An advocacy group for people with Pompe disease in New Zealand has criticised the government for failing to uphold an election pledge, reports Scoop Independent News. Candidates from all major parties had committed to creating a special fund of $20 million to pay for rare disease medications in New Zealand. However, so far this fund has not been set up.
The fund would have paid for expensive rare disease medicines that are not currently subsidised by the New Zealand government. Myozyme, the treatment for Pompe disease, would have been one of the newly funded medicines. Pompe disease is a rare inherited metabolic disorder, present in approximately one out of 40,000 people worldwide, that interrupts the breakdown of glycogen in cells. Although there is not currently a known cure for Pompe disease, Myozyme is an enzyme replacement therapy that can help to alleviate symptoms. Myozyme is available in over eighty countries worldwide, but has been judged to be too expensive for the government in New Zealand to subsidise and so is not currently available. The proposed fund would therefore make the medicine newly accessible to New Zealanders.
At the New Zealand Pompe Network’s annual conference in Auckland this year, the president of the Network, Allyson Lock, condemned the Health Minister’s backtracking over the fund. Ms Lock described how before the election, candidates for all the parties now involved in the coalition government agreed that a special fund for rare disease treatments should be the government’s answer to the issue of Myozyme funding. However, since forming a coalition they have not fulfilled this pledge, instead claiming that there is not an official coalition policy about the issue.

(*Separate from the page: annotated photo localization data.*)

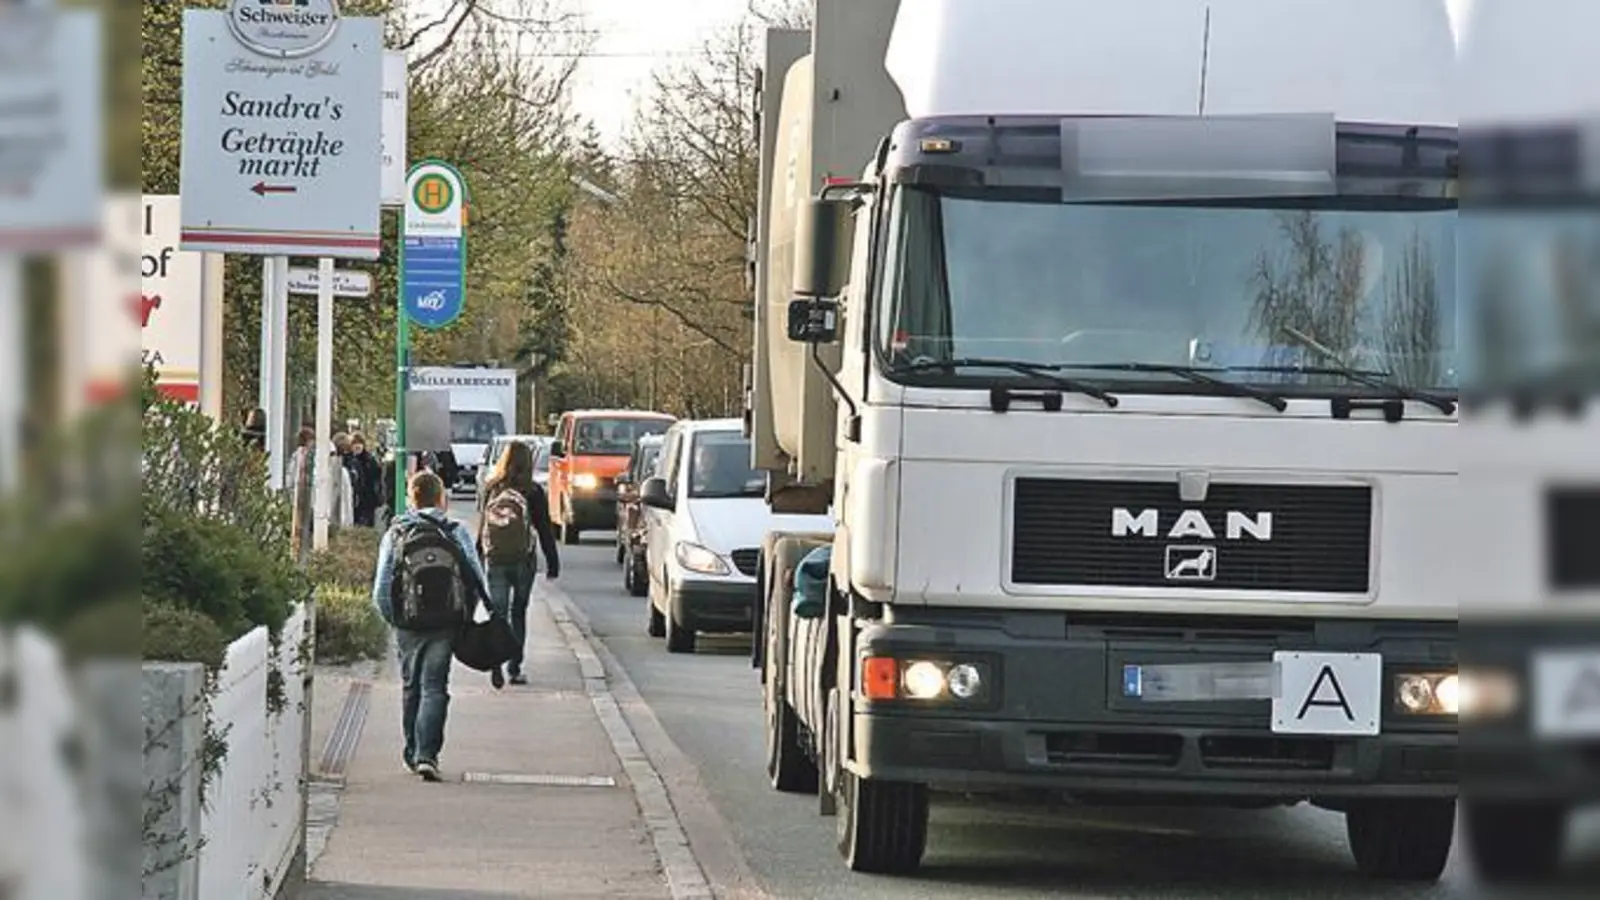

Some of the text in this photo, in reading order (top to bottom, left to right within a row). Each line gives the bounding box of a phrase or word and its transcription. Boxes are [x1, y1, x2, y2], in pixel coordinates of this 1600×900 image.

[240, 7, 329, 27] Schweiger
[221, 91, 343, 120] Sandra's
[221, 127, 344, 156] Getränke
[239, 153, 320, 177] markt
[426, 182, 439, 206] H
[1111, 508, 1273, 541] MAN
[1296, 665, 1355, 721] A
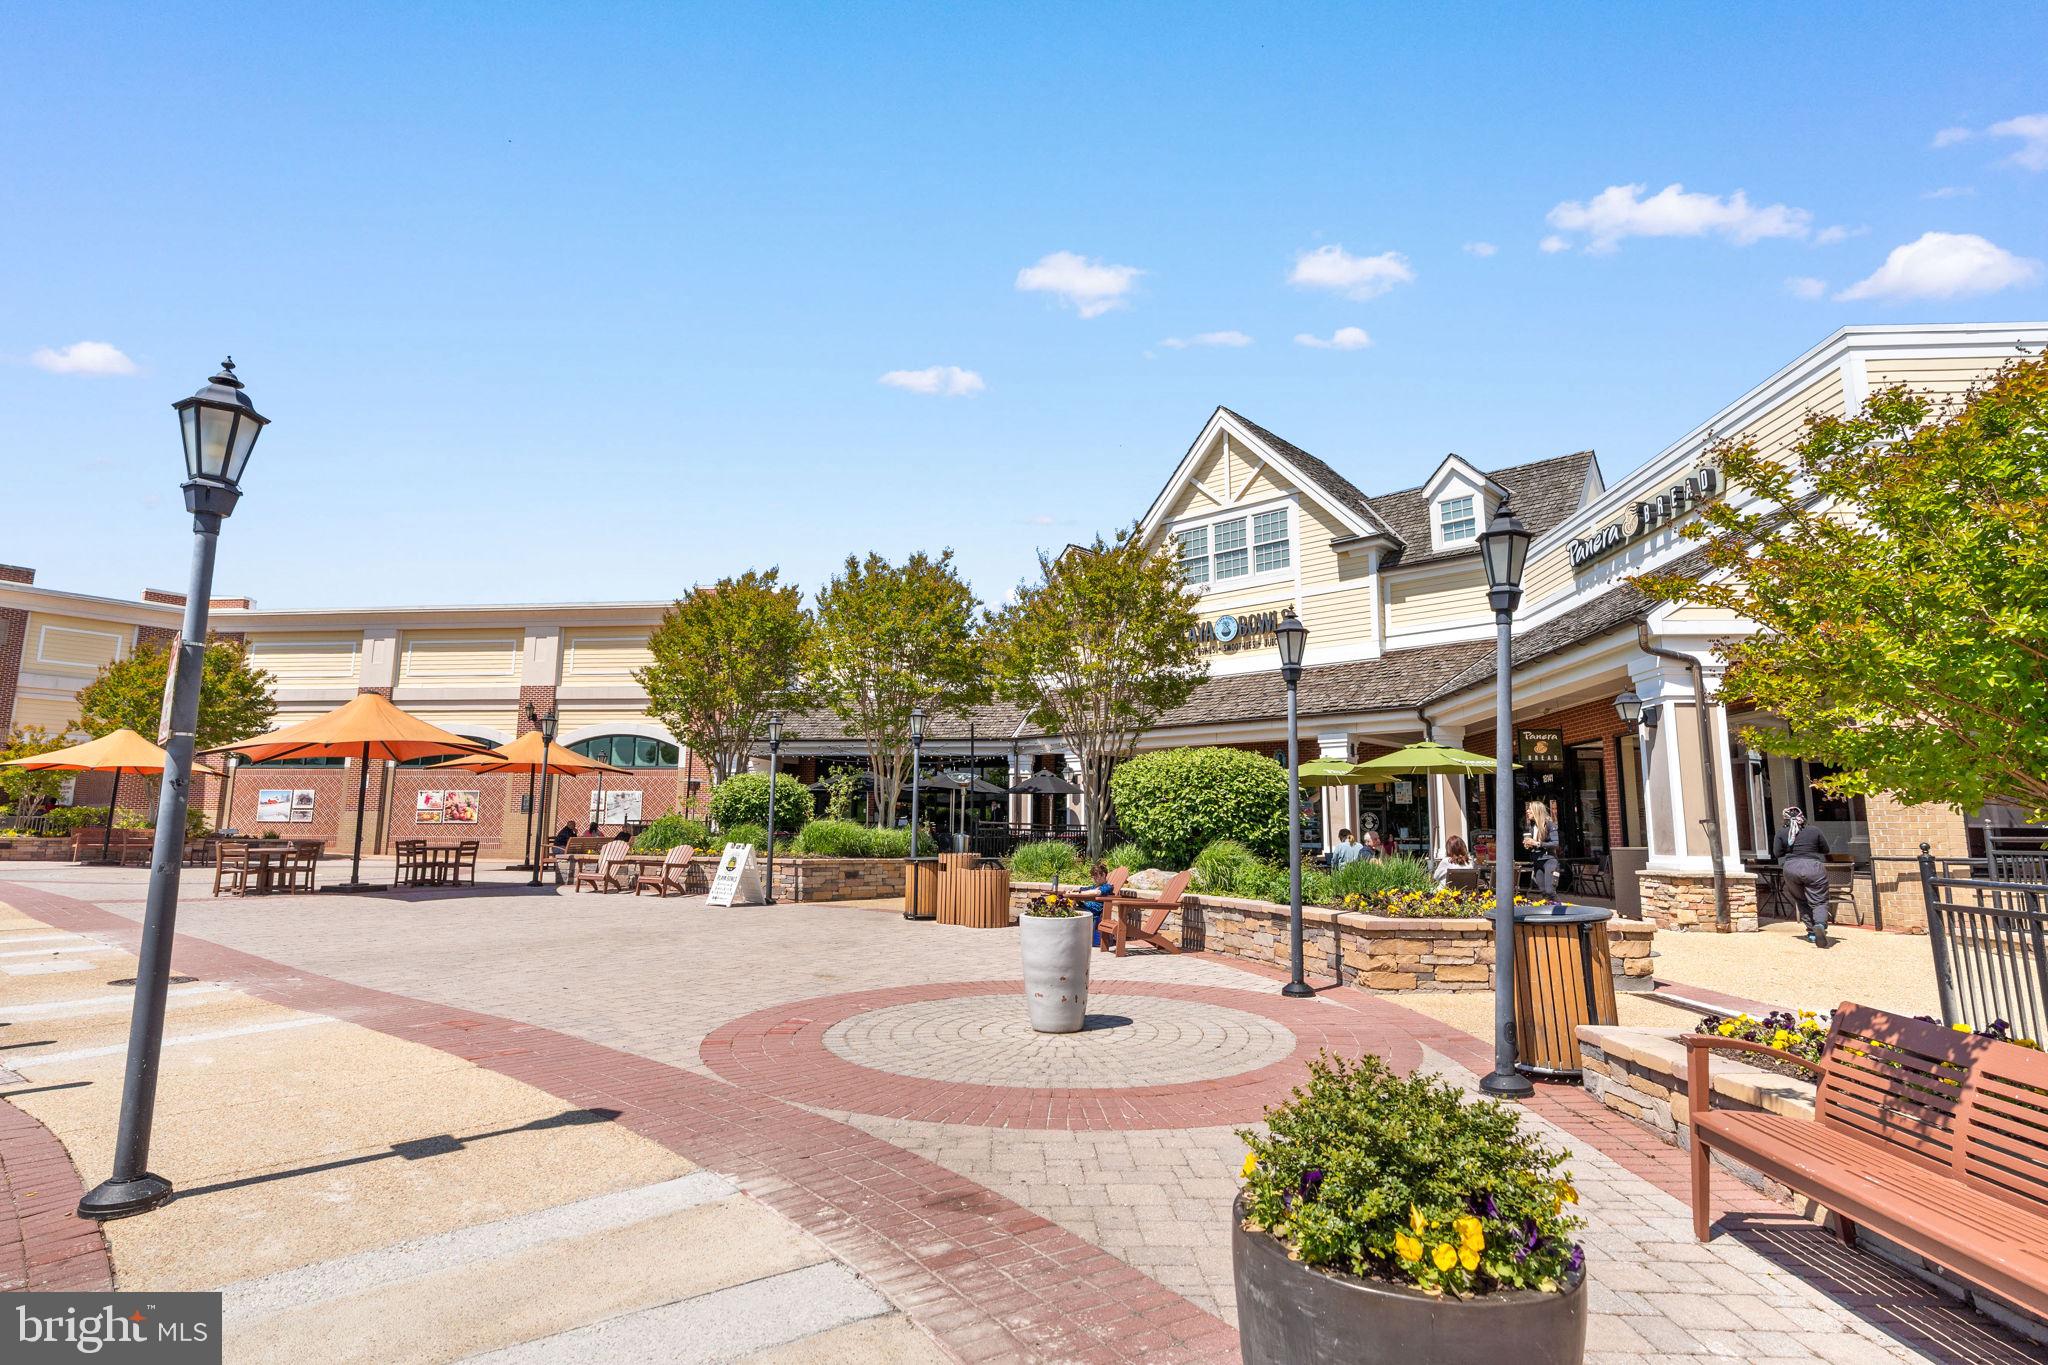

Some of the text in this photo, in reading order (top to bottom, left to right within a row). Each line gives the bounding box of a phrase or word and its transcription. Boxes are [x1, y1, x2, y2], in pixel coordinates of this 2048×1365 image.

Ms Lock condemned this stance as a “cynical cop-out,” stating “it’s just plain wrong that they can change their minds now they’ve got the job.”
The New Zealand Health Minister, Dr David Clark, has responded to criticism by saying that he has a “personal commitment” to funding rare disorder treatments. The government will also be making money available for rare disease patients through other routes, including pilot programs run by Pharmac.